• [Task]
Your job is to give again, exactly and with no additions, the lines in the records below from the one with "this 1280×960 image." through the one with "this 1333×1125 image.", both included. Omit the pictures.

• [Saved data entries]
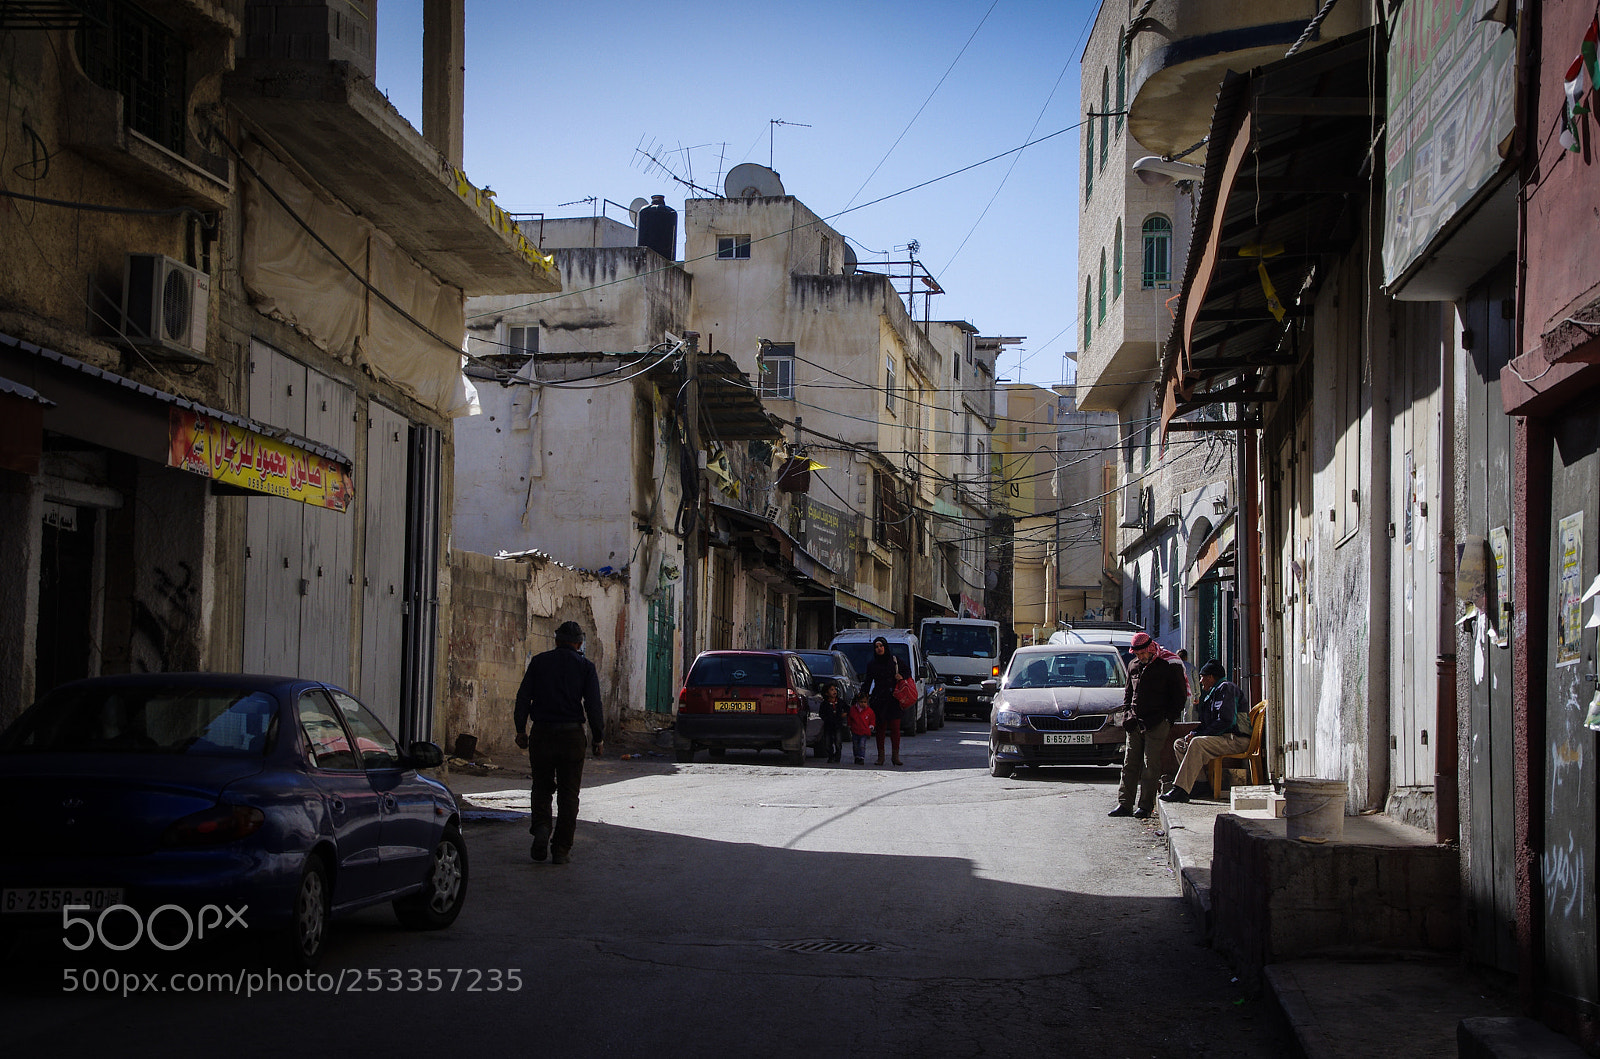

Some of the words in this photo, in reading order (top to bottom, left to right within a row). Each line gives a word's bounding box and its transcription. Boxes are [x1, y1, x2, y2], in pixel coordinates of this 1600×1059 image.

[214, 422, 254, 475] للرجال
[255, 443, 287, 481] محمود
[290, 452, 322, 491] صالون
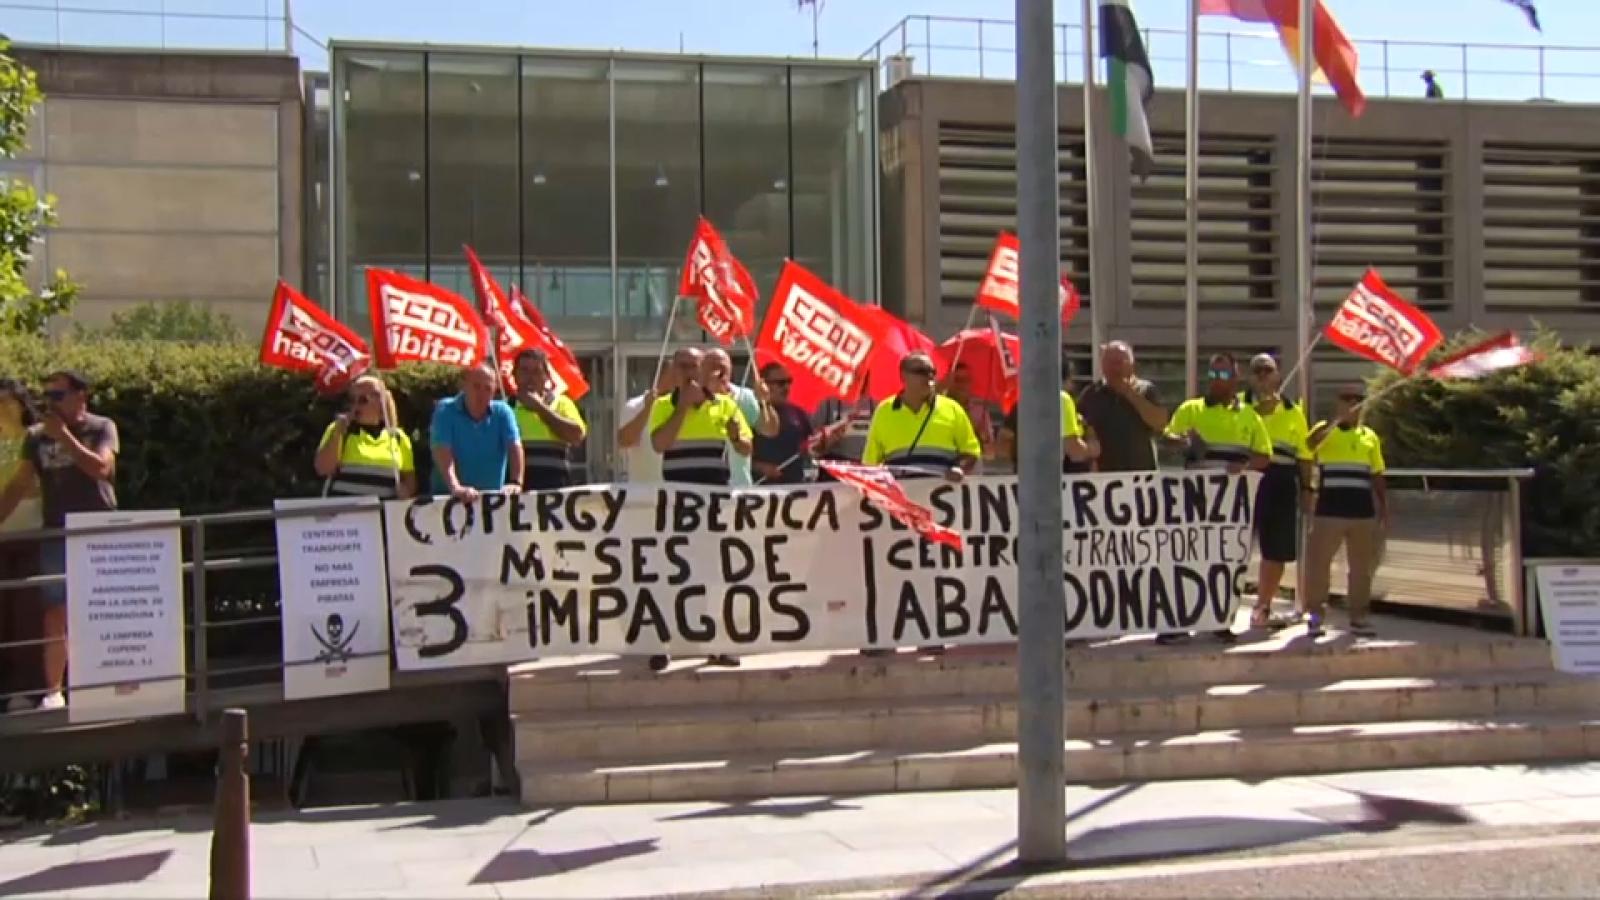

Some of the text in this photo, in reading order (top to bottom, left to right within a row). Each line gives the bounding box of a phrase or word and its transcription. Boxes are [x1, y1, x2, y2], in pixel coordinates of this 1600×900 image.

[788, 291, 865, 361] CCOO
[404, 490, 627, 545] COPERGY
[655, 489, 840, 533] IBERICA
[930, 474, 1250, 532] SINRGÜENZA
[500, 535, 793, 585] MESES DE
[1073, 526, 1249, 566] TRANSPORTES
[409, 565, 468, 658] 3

...

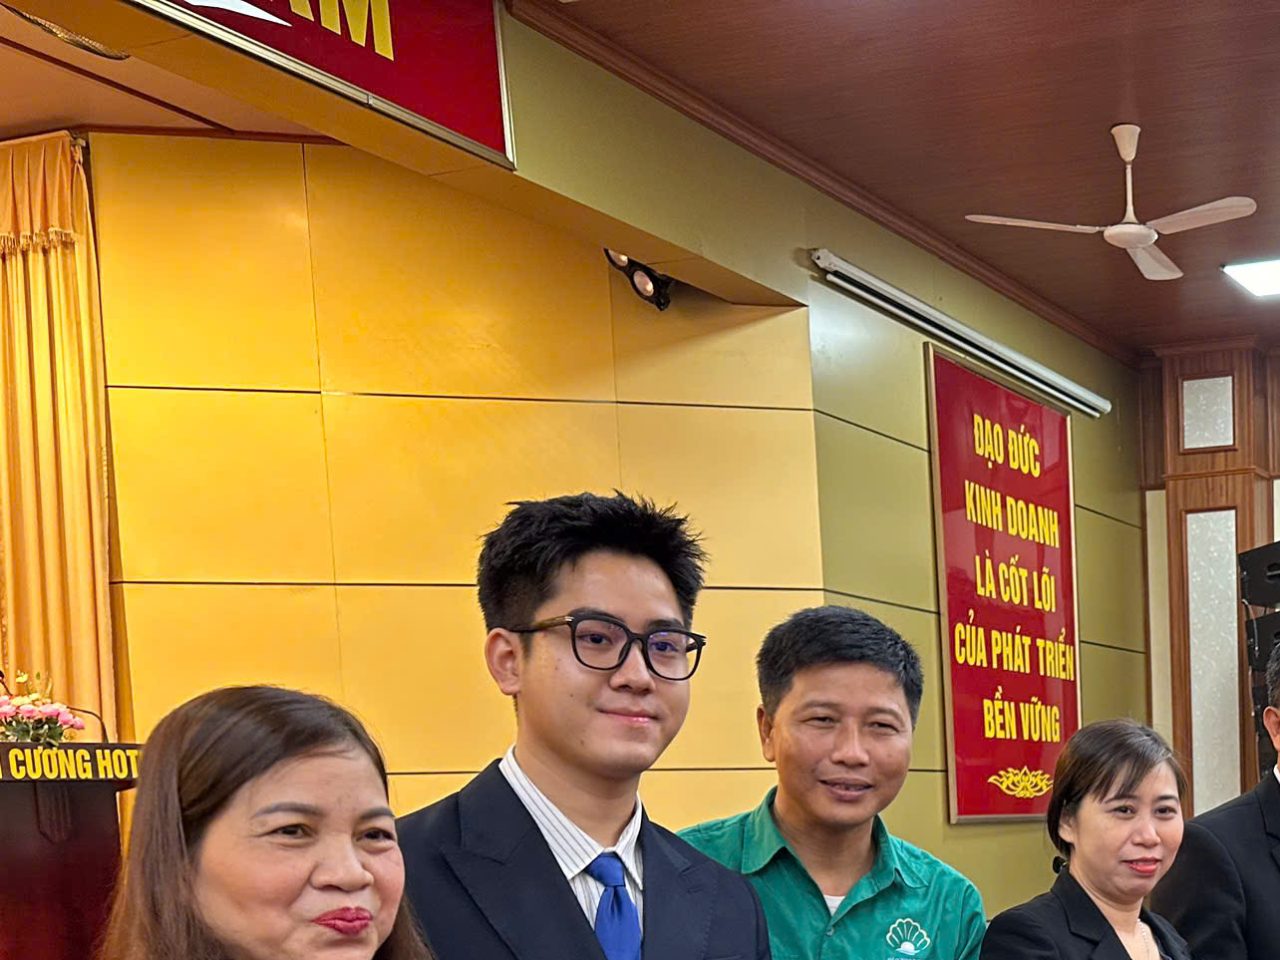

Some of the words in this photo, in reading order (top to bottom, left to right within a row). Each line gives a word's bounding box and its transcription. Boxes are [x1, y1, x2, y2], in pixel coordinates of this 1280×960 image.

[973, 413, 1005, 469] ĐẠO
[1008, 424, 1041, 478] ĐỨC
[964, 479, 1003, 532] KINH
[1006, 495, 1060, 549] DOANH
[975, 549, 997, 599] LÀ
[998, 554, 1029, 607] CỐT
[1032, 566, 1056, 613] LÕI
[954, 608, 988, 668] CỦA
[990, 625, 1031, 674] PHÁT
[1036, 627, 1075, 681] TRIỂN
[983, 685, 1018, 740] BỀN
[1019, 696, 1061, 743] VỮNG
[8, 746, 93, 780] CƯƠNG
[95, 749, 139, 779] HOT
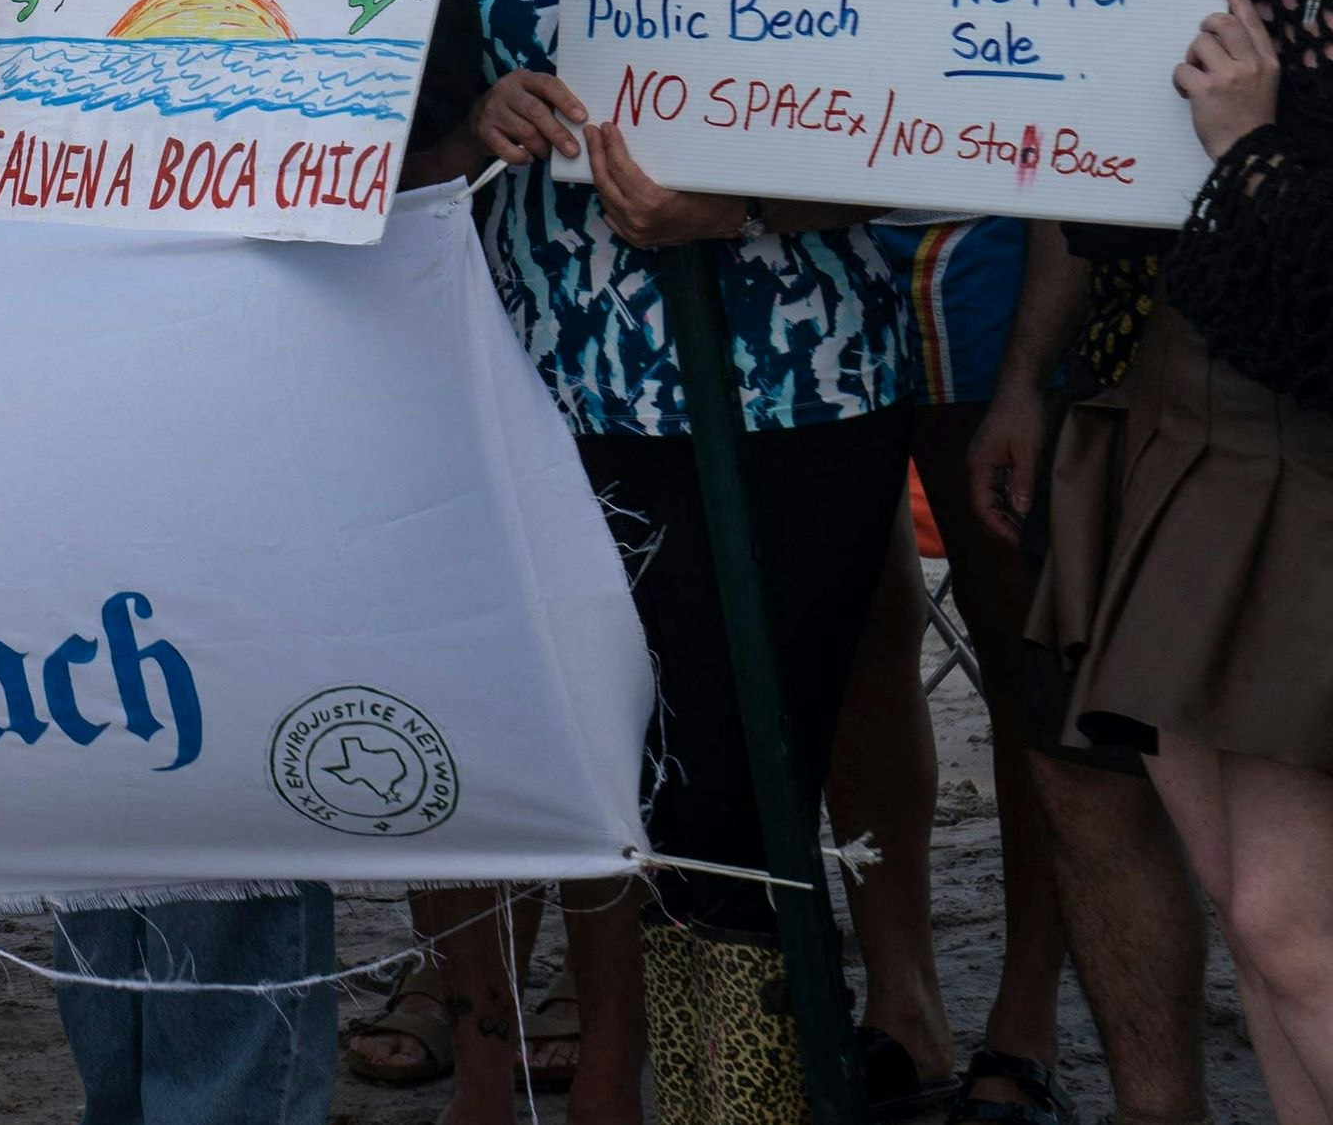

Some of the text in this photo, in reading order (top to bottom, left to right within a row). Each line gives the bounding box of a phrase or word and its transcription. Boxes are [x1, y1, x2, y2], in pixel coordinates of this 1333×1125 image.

• [Answer space]
Some of the words in this photo, in reading order (top to bottom, left to right within a row). Each line gives a word's bounding box and its transcription. Boxes are [x1, y1, x2, y2], in pixel coordinates of this 1280×960 image.

[973, 413, 1005, 469] ĐẠO
[1008, 424, 1041, 478] ĐỨC
[964, 479, 1003, 532] KINH
[1006, 495, 1060, 549] DOANH
[975, 549, 997, 599] LÀ
[998, 554, 1029, 607] CỐT
[1032, 566, 1056, 613] LÕI
[954, 608, 988, 668] CỦA
[990, 625, 1031, 674] PHÁT
[1036, 627, 1075, 681] TRIỂN
[983, 685, 1018, 740] BỀN
[1019, 696, 1061, 743] VỮNG
[8, 746, 93, 780] CƯƠNG
[95, 749, 139, 779] HOT

Some of the text in this photo, in reading order (top to bottom, left to right within a row). Each line gives the bounding box of a phrase or word and its transcription. Boxes are [x1, y1, x2, y2], in pixel coordinates of this 1333×1125 image.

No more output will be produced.